Image Diagnosis: Thoracic Aortic Dissection and Thoracic Aortic Aneurysm


Sundeep R Bhat, MD; Gus M Garmel, MD, FACEP, FAAEM

Spring 2011 - Volume 15 Number 2

Image Diagnosis: Thoracic Aortic Dissection and Thoracic Aortic Aneurysm

Figure 1. Thoracic Aortic Dissection
Although plain film chest radiograph may be used to screen for a widened mediastinum (Image A) which suggests thoracic aortic dissection, computed tomography (CT) angiography or traditional angiography are gold-standard tests and should be obtained in any stable patient for whom dissection is suspected.1,2 Thoracic aortic dissection is generally classified using the Stanford scheme, although some texts and cardiothoracic surgeons still use the DeBakey classification (types I - III).

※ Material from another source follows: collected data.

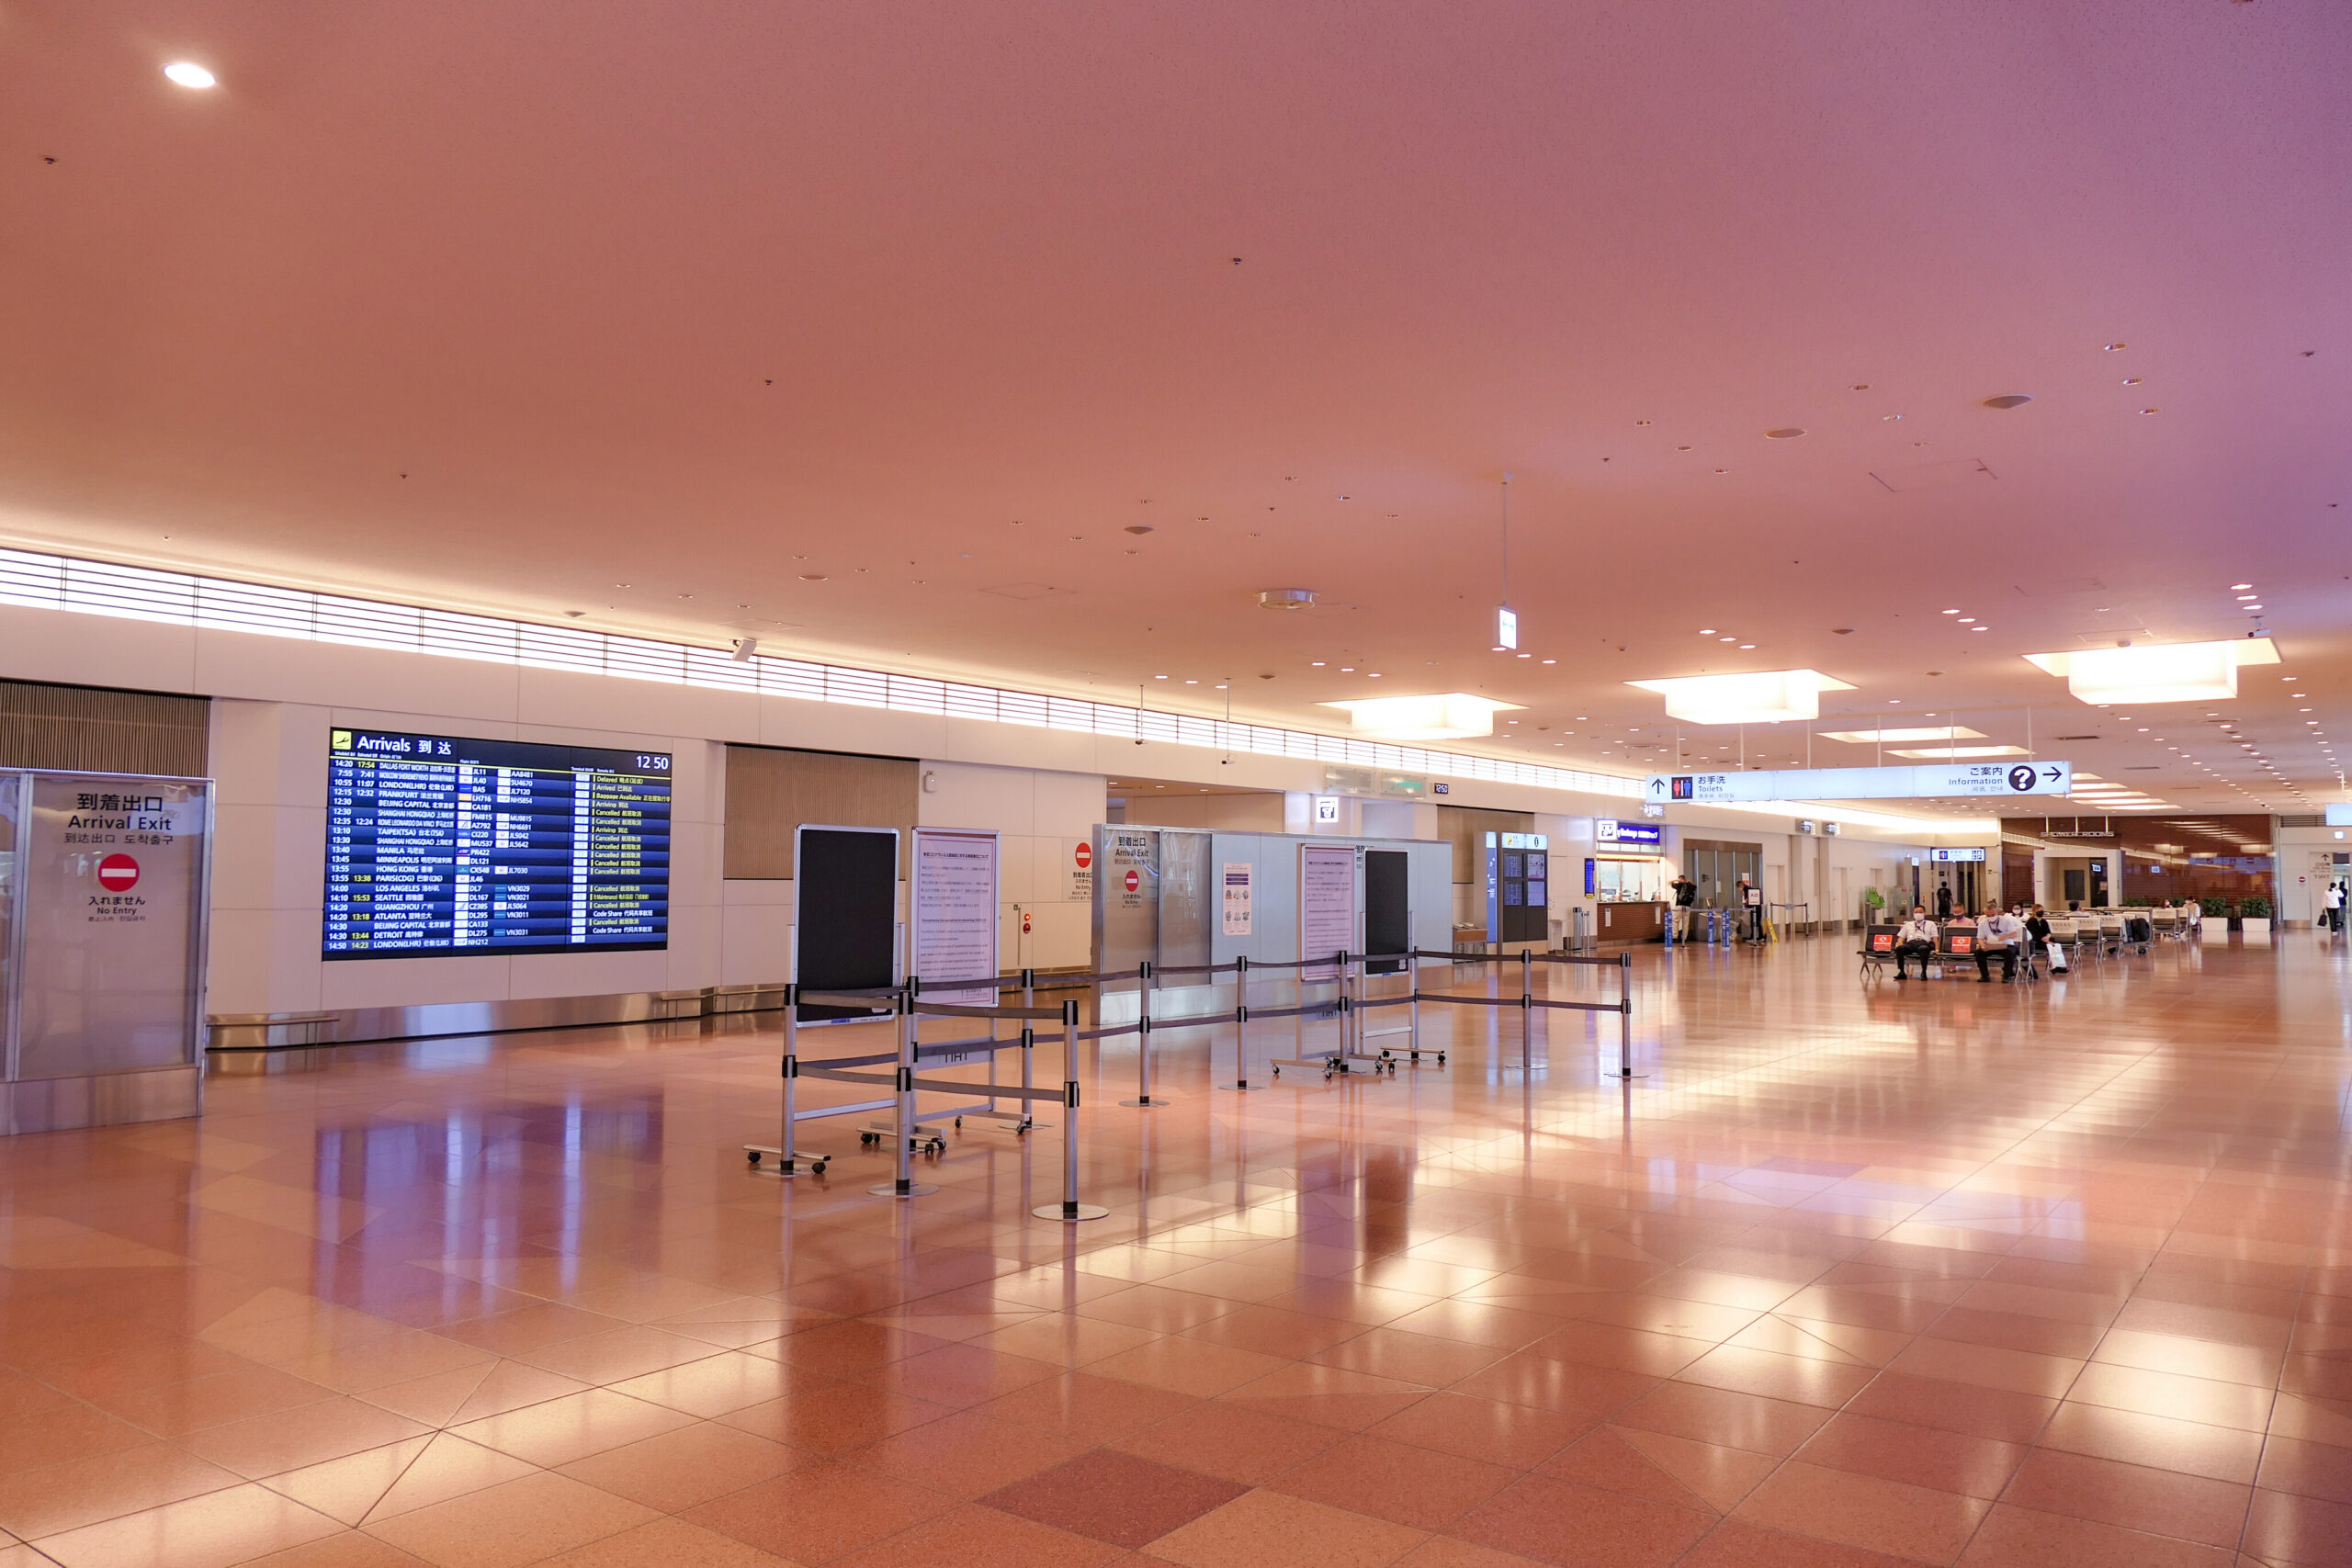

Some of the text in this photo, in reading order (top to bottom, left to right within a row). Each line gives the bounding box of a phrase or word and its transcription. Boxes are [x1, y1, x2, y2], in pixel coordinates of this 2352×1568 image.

[356, 736, 411, 751] Arrivals
[1970, 767, 2003, 775] ご案内
[1698, 776, 1725, 784] お手洗
[77, 794, 163, 812] 到着出口
[68, 816, 171, 830] Arrival Exit
[64, 833, 174, 845] 到达出口 도착출구
[1119, 837, 1146, 846] 到着出口
[88, 897, 145, 906] 入れません
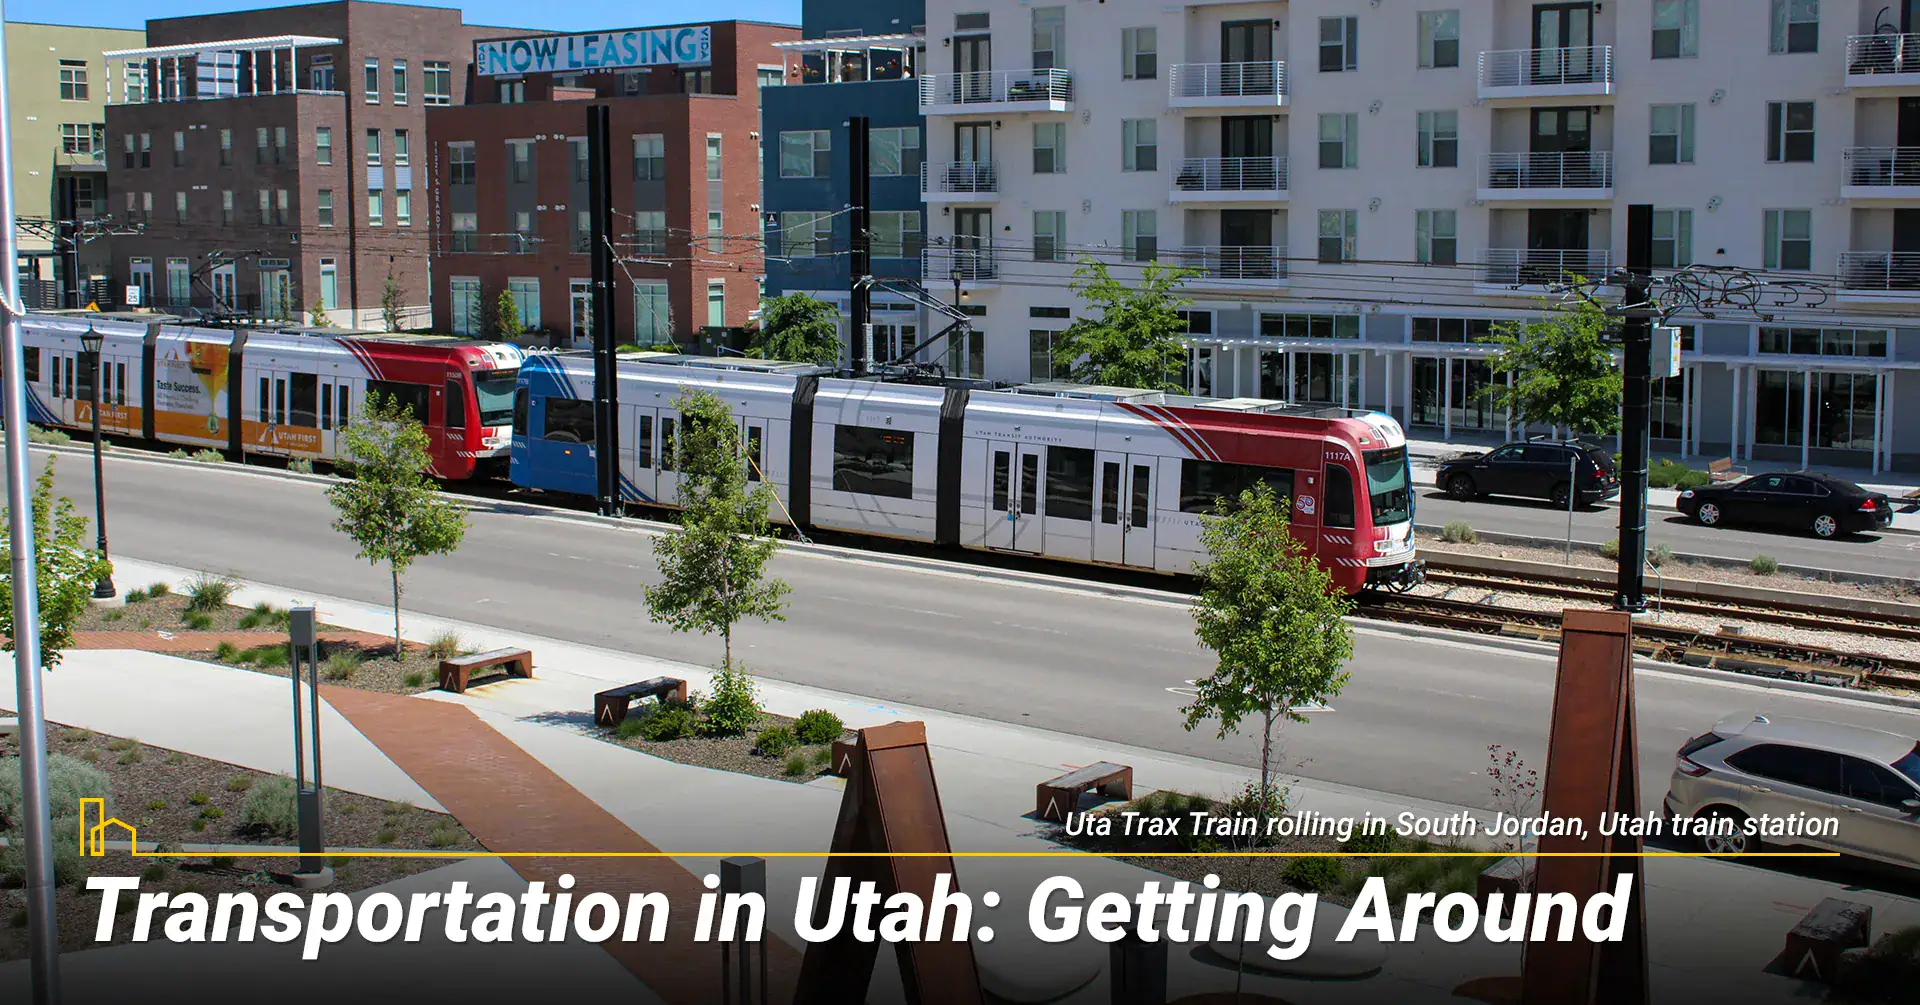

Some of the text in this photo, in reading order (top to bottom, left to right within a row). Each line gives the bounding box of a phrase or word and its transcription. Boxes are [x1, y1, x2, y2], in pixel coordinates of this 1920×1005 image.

[700, 27, 710, 60] VIDA
[488, 28, 697, 74] NOW LEASING
[478, 44, 486, 74] VIDA
[127, 294, 139, 303] 25
[156, 379, 201, 394] Taste Success.
[278, 431, 317, 443] UTAH FIRST
[994, 431, 1021, 439] TRANSIT
[1024, 435, 1062, 443] AUTHORITY
[1325, 451, 1351, 461] 1117A
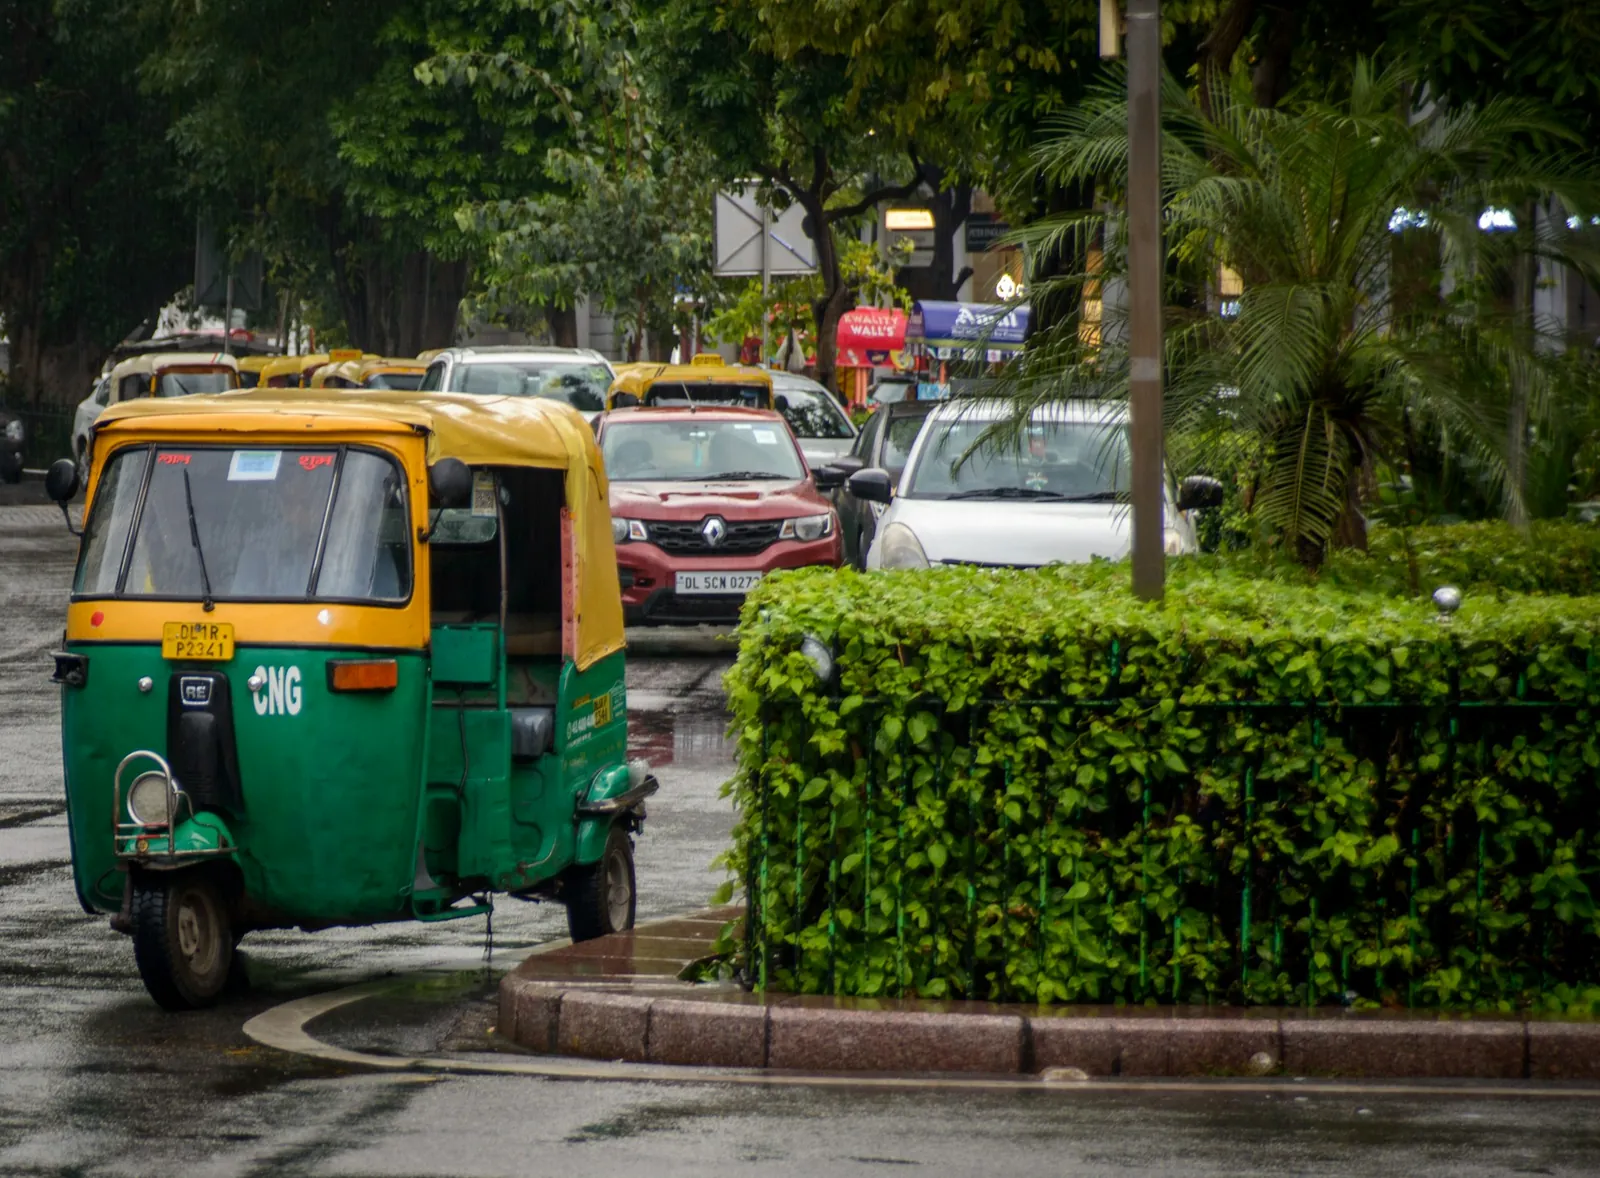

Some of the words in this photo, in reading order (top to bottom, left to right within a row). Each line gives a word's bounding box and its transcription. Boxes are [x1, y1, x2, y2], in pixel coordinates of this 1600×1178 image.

[843, 313, 899, 325] KWALITY
[850, 324, 896, 337] WALL'S
[685, 576, 699, 590] DL
[704, 576, 727, 589] 5CN
[180, 624, 219, 640] DL1R
[176, 642, 224, 657] P2341
[185, 685, 206, 699] RE
[253, 665, 302, 716] CNG
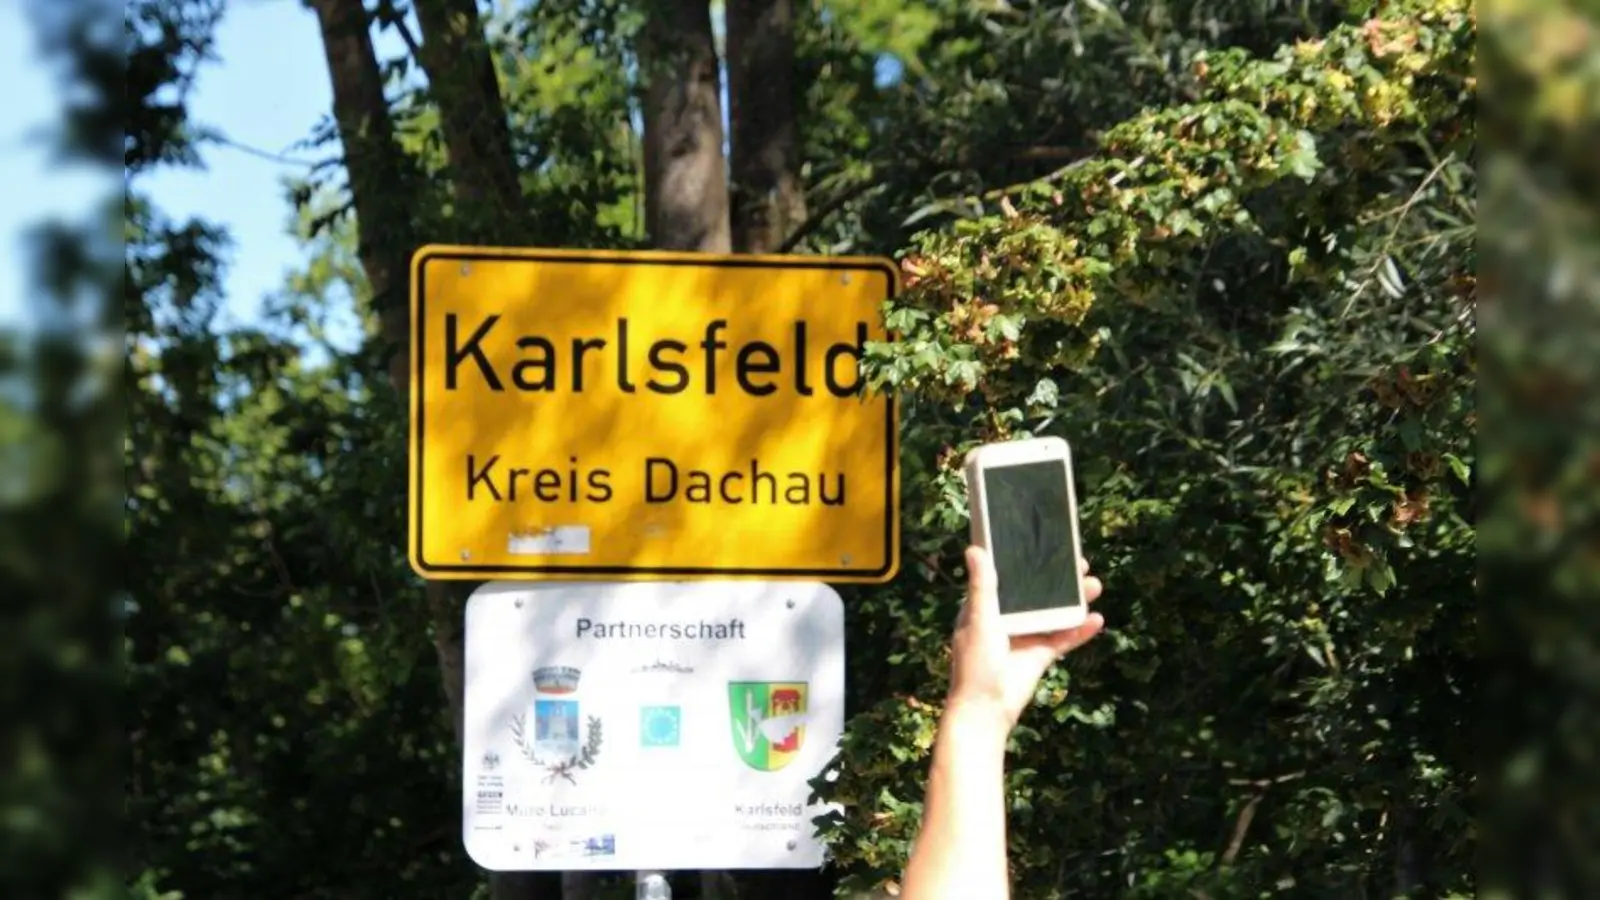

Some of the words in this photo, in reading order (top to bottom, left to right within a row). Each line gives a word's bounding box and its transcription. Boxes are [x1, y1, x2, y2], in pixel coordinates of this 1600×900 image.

[444, 313, 868, 398] Karlsfeld
[466, 455, 613, 502] Kreis
[645, 458, 846, 506] Dachau
[575, 617, 746, 640] Partnerschaft
[550, 803, 608, 817] Lucan
[735, 802, 803, 817] Karlsfeld

Image B demonstrates dissection flaps seen in both the ascending and descending aorta (Stanford Type A—any involvement of the ascending aorta irrespective of site of intimal tear or distal extension).2 Complications of Type A dissections include aortic valve insufficiency, dissection into coronary vessels causing acute myocardial infarction, and dissection into the pericardial sac (Image C) causing hemopericardium and possible tamponade physiology.1 Type A dissection requires immediate surgical intervention. Image D shows an intimal flap in the descending aorta only (Stanford Type B). Patients with uncomplicated Type B dissections are typically managed medically, with blood pressure control by pharmacologic intervention.1,2

Image Diagnosis: Thoracic Aortic Dissection and Thoracic Aortic Aneurysm























Figure 2. Thoracic Aortic Aneurysm with Rupture
Aneurysmal dilatation of the descending thoracic aorta can be seen in patients with atherosclerotic disease, as well as in patients with collagen vascular disorders like Marfan's syndrome.1 These images (Image A and B) demonstrate thoracic aortic aneurysm rupture with extravasation of blood into the adjacent pleural space. Risk of rupture increases with size; growth may be 0.1 - 0.4 centimeters (cm) per year; risk of rupture becomes high after reaching 6 cm in diameter. For stable patients without symptoms, computed tomography or magnetic resonance imaging at regular intervals is recommended, as is beta-blocker therapy for blood pressure control.1

1. Creager MA, Loscalzo J. Diseases of the Aorta. In: Fauci AS, Braunwald E, Kasper DL, et al. Harrison's Principles of Internal Medicine (17th edition). New York, NY: McGraw-Hill Companies Inc; 2008. p 1563-7.
2. Manthey DE . Aortic Dissection and Aneurysms. In: Ma OJ, Cline DM, Tintinalli JE, et al. Emergency Medicine Just the Facts (2nd edition). New York, NY: McGraw-Hill Companies Inc; 2004. p 118-20.